[[ RAW DATA, beginning ]]

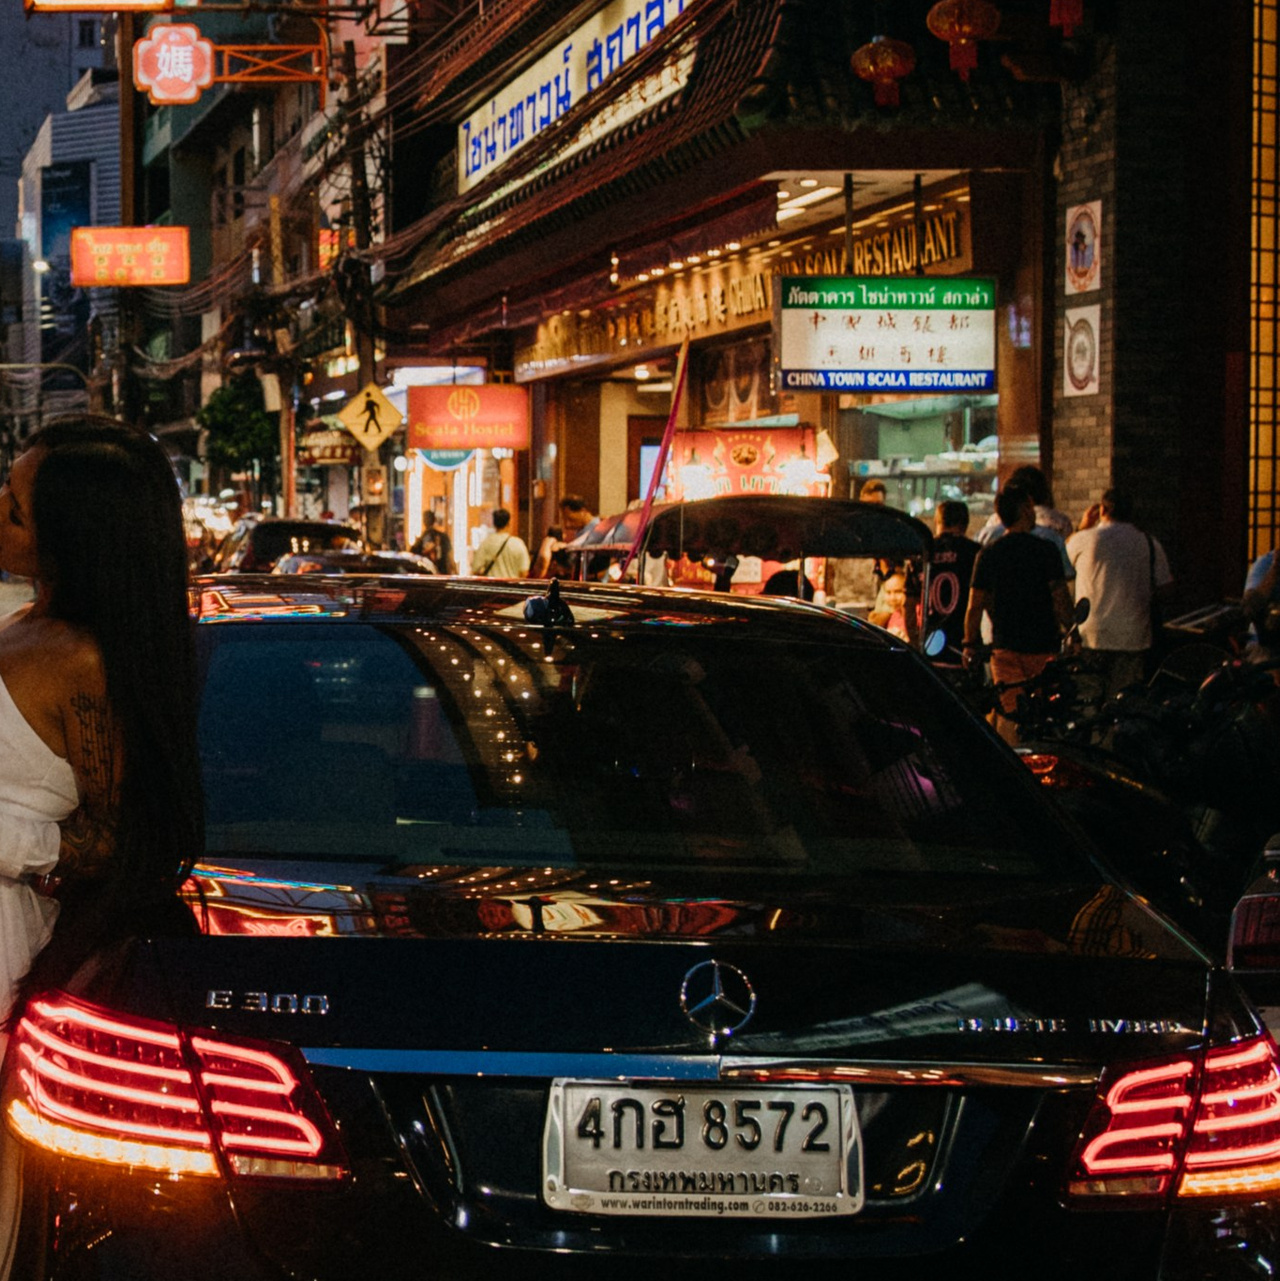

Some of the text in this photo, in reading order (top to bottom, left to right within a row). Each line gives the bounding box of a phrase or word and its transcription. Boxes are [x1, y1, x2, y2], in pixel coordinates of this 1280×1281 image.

[462, 42, 573, 179] ไชน่าทาวน์
[787, 284, 989, 305] ภัตตาคาร ไชน่าทาวน์ สกาล่า
[787, 372, 988, 387] CHINA TOWN SCALA RESTAURANT
[206, 990, 329, 1014] E 300
[701, 1099, 831, 1152] 8572
[606, 1170, 800, 1193] กรงเทพมหานคร

[[ RAW DATA, end ]]

Each record above needs to be retyped exactly, without any pictures.

== RESPONSE TO THE EXERCISE ==
Some of the text in this photo, in reading order (top to bottom, left to right within a row). Each line gives the bounding box of a phrase or word and its transcription. Boxes are [x1, y1, x2, y2], in pixel coordinates of this 1280×1281 image.

[462, 42, 573, 179] ไชน่าทาวน์
[787, 284, 989, 305] ภัตตาคาร ไชน่าทาวน์ สกาล่า
[787, 372, 988, 387] CHINA TOWN SCALA RESTAURANT
[206, 990, 329, 1014] E 300
[701, 1099, 831, 1152] 8572
[606, 1170, 800, 1193] กรงเทพมหานคร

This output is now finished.